We acknowledge that we live and work on unceded Indigenous territories and we thank the Musqueam, Squamish and Tsleil-Waututh Nations for their hospitality.


Indigenous Women and Work: From Labor to Activism

By Carol Williams, editor

Review By Loraine Littlefield

November 25, 2015

BC Studies no. 190 Summer 2016  | p. 146-147

Indigenous Women and Work, edited by Carol Williams, consists of seventeen essays that examine the history of indigenous women and wage labour in Canada, the United States, Australia, and New Zealand. The object of these essays is to stimulate a transnational conversation about the experiences of women under similar British-capitalist policies and ideology. Written by both indigenous and non-indigenous scholars, the essays describe women’s participation in a huge range of industries from the beginning of the nineteenth to the late twentieth century.

The preface written by Marlene Brant Castellano, Mohawk scholar, sets the tone of the collection by noting how the inclusion of indigenous ways of knowing offers a fresh historical perspective on indigenous women’s lives. This is followed by an introduction by Williams on the importance of looking outside of the settler narrative to discover indigenous women’s labour history. For those who follow the theoretical threads of feminist theory, the first essay by Joan Sangster gives an excellent overall summary and, importantly, points out the benefits as well as the disadvantages of the transnational approach.

Only one essay in this selection deals specifically with British Columbia history. Inspired by a 1940s photograph of Shíshálh (Sechelt) women holding hand-logging tools, Susan Roy and Ruth Taylor, in “`We Were Real Skookum Women:’ The Shíshálh Economy and the Logging Industry on the Pacific Northwest Coast,” write about the “unexpected” history of women in this industry. For many decades this industry was important for the Sechelt and, as part of the family venture, women helped men transport logs to the booming grounds. This role is not well documented, if at all, in any of the forestry history written in British Columbia. The authors blame a gender bias that essentially minimized women’s contribution in this industry, emphasizing instead what were considered appropriate feminized occupations such as basket weaving and other related crafts. “We Were Real Skookum Women,” however, speaks to the indigenous viewpoint of women who acknowledge their important contribution to their family’s hand-logging production.

Two other essays in this collection offer close connections with British Columbia history and First Nation women’s experiences in its early economy. Shelly Farrell Racette in “Nimble Fingers and Strong Backs: First Nations and Metis Women in Fur Trade and Rural Economies,” examines the changing role for women in Saskatchewan and Labrador from domestic partners in the fur trade to contract rural labourers: one that shifts women’s employment into the twentieth century.
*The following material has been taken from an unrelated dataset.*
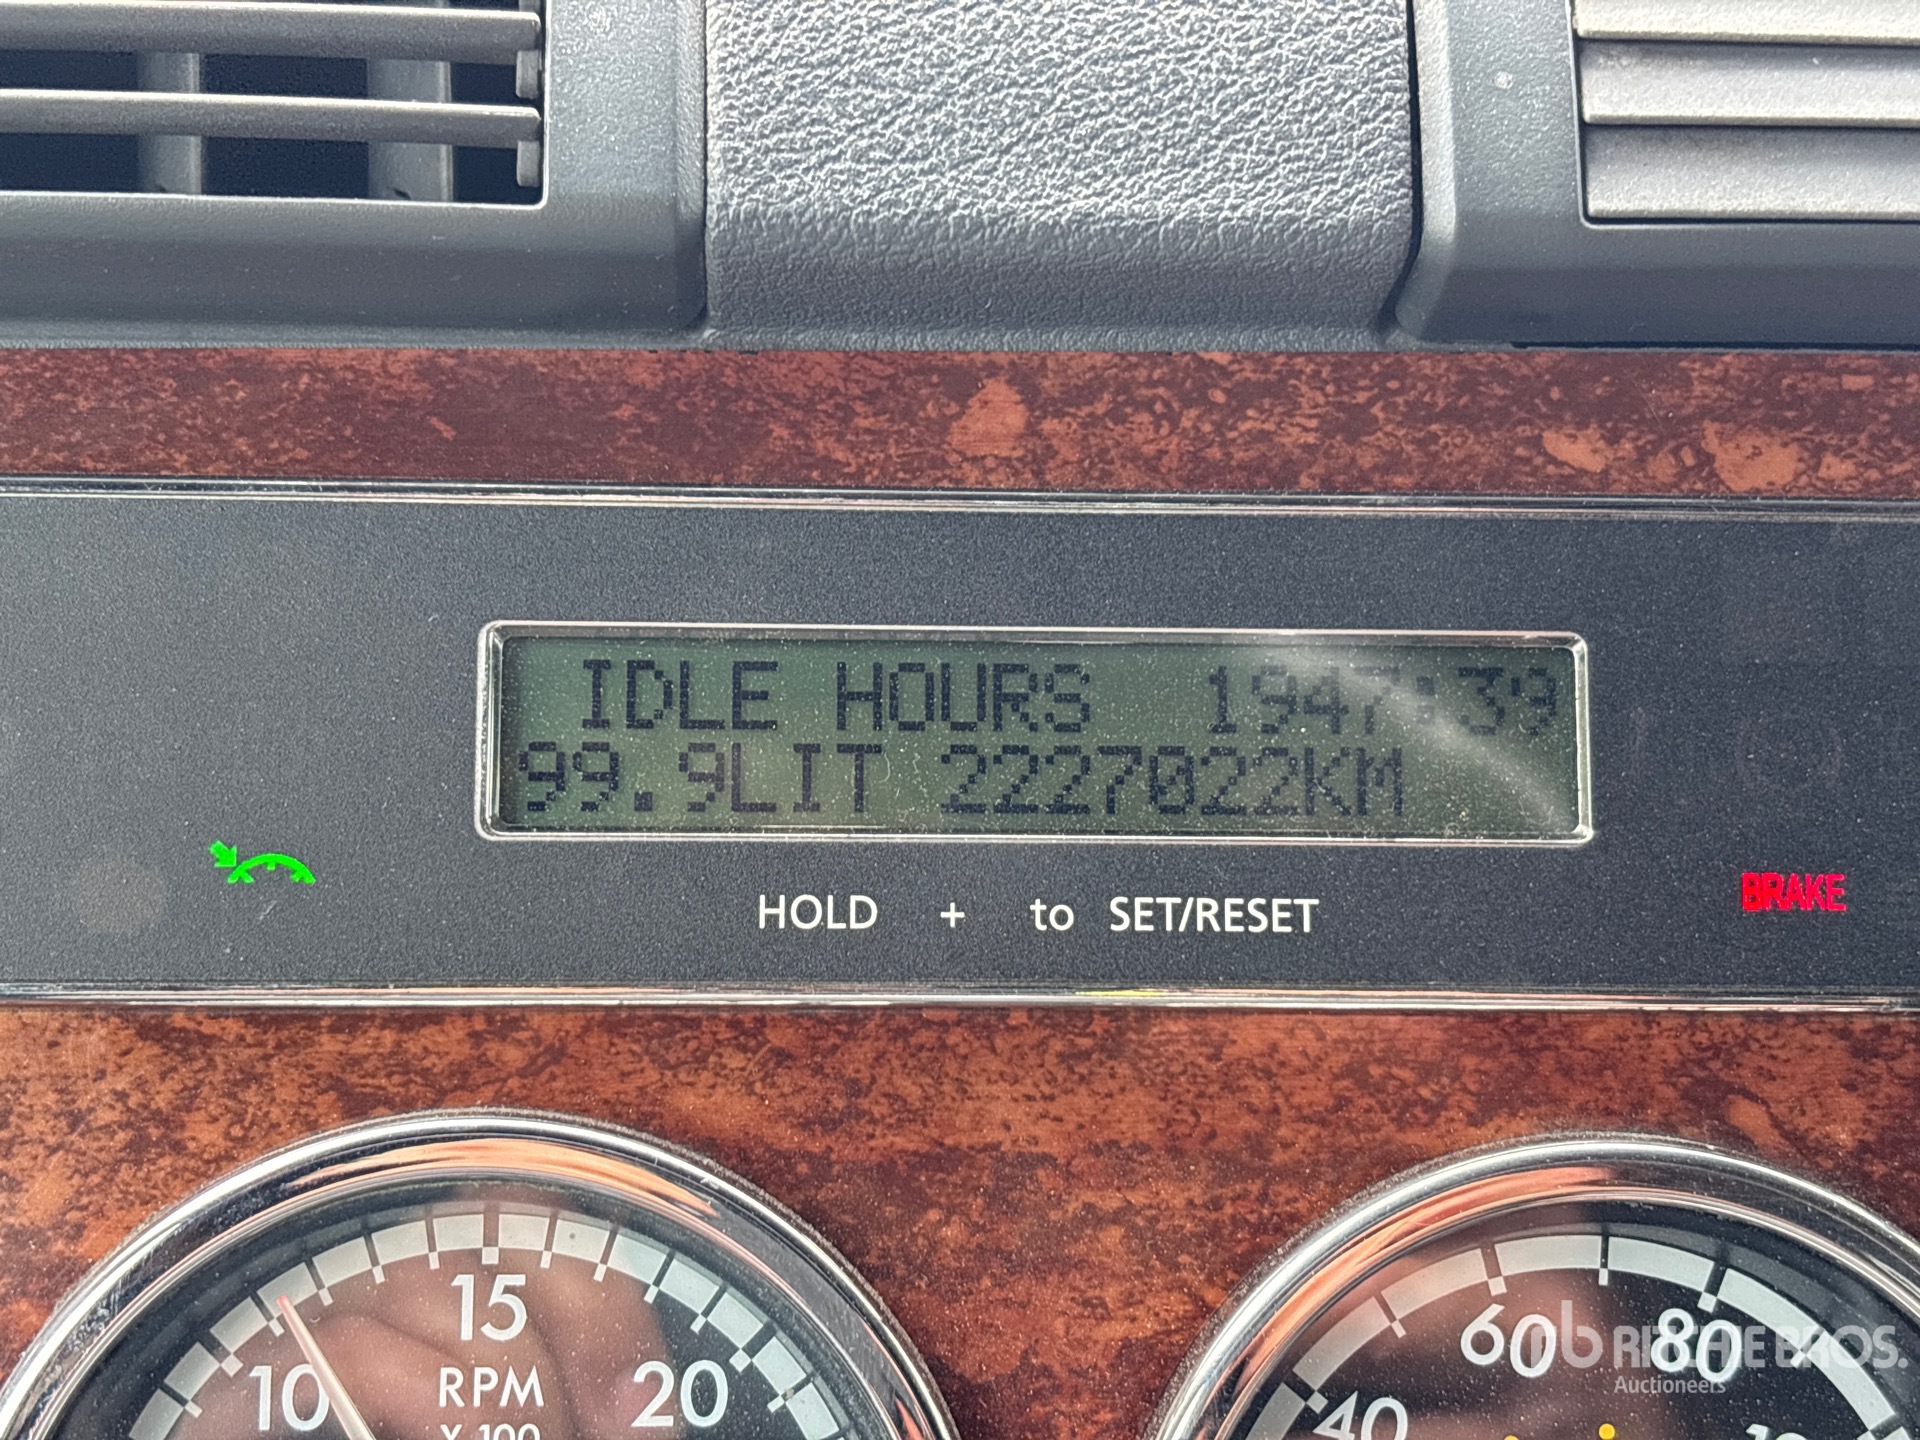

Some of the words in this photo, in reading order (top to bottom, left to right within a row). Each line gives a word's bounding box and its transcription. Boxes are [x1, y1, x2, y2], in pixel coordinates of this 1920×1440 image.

While Chris Friday in “From ‘Superabundance’ to Dependency: Women Agriculturalists and the Negotiation of Colonialism and Capitalism for Reservation-era Lummi,” examines women’s loss of control over the Lummi potato production (just south of Point Roberts), first to men and then to the end of agricultural dominance in the wider economy. Both articles speak to the changing demand of labour and the detrimental effects this change brought to women’s lives, as it did in this province.
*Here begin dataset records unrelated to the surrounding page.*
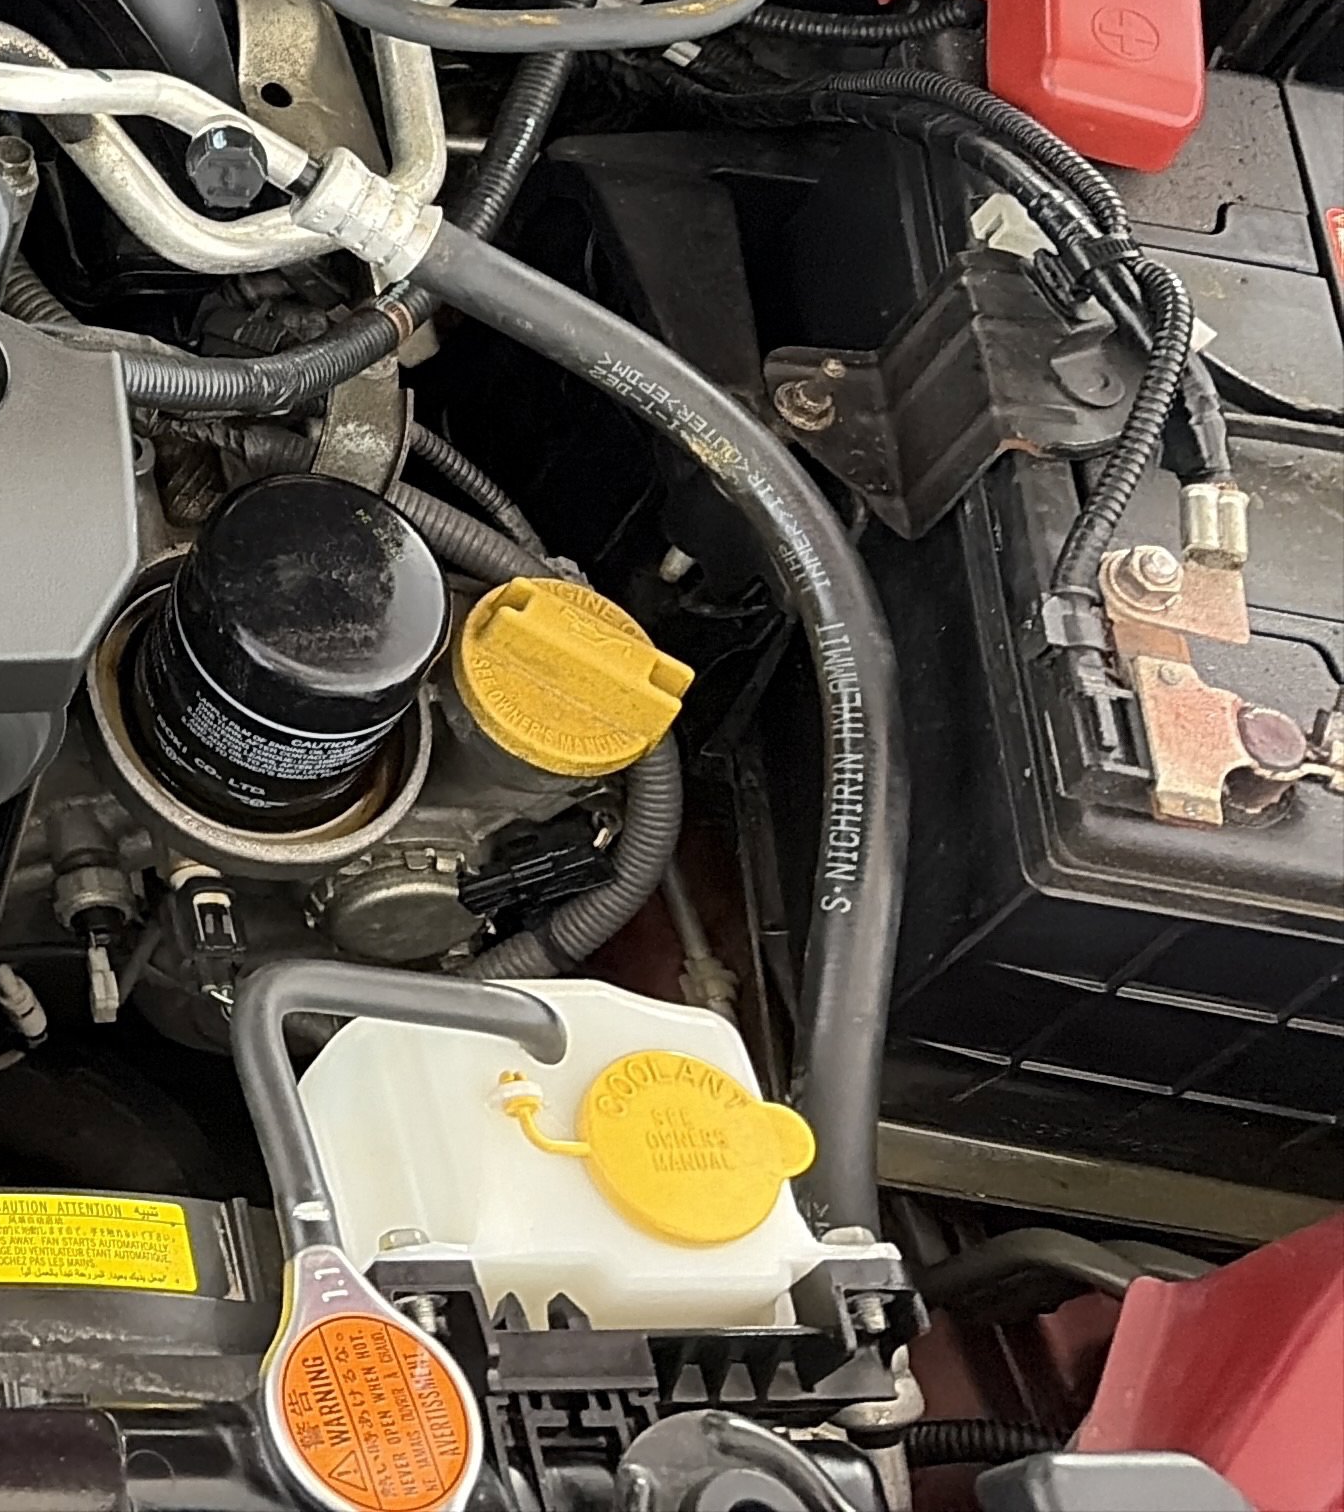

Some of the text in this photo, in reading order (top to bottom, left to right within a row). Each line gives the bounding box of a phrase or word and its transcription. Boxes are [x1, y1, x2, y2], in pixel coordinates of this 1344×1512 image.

[548, 583, 617, 620] GINE
[473, 654, 496, 690] SEE
[488, 689, 554, 745] OWNER'S
[291, 739, 357, 749] CAUTION
[596, 1058, 749, 1118] COOLANT
[652, 1153, 736, 1173] MANUAL
[57, 1201, 122, 1217] ATTENTION
[14, 1247, 27, 1256] DU
[28, 1248, 85, 1257] VENTILATEUR
[41, 1237, 59, 1246] FAN
[62, 1238, 96, 1247] STARTS
[29, 1257, 46, 1266] PAS
[48, 1257, 65, 1266] LES
[313, 1267, 349, 1303] 1.1
[302, 1355, 352, 1447] WARNING
[350, 1330, 418, 1496] NEVER OPEN WHEN HOT.
All the essays are well written and researched. I particularly liked Lynette Russell’s, “Procuring Passage: Southern Australian Aboriginal Women and the Early Maritime Industry of Sealing,” which I found very instructive to compare with our own sealing and whale industry on the west coast. Occurring in southern Australia at a much earlier time, and when women’s traditional roles were significantly different than on the Northwest Coast, it led to a surprising degree of independence and autonomy for Aboriginal women. Also of interest was Cathleen D. Cahill’s, “An Indian Teacher among Indians”: Native Women as Federal Employees,” which looks at the hiring policy of the Office of Indian Affairs in the Unites States of indigenous women for positions in education and administration at the turn of the century. Women successfully sought these positions and were supported by their communities in these roles. No such early hiring policy seems to have occurred in Canada, which leads one to wonder why, especially in light of other matching policies followed by Department of Indian Affairs.

This transnational approach has promise and Williams must be commended for this collection. I hope that these essays will inspire further research into more “unexpected” histories of women still to be discovered here in British Columbia, and I predict that collaboration with First Nations women and their communities will ensure it.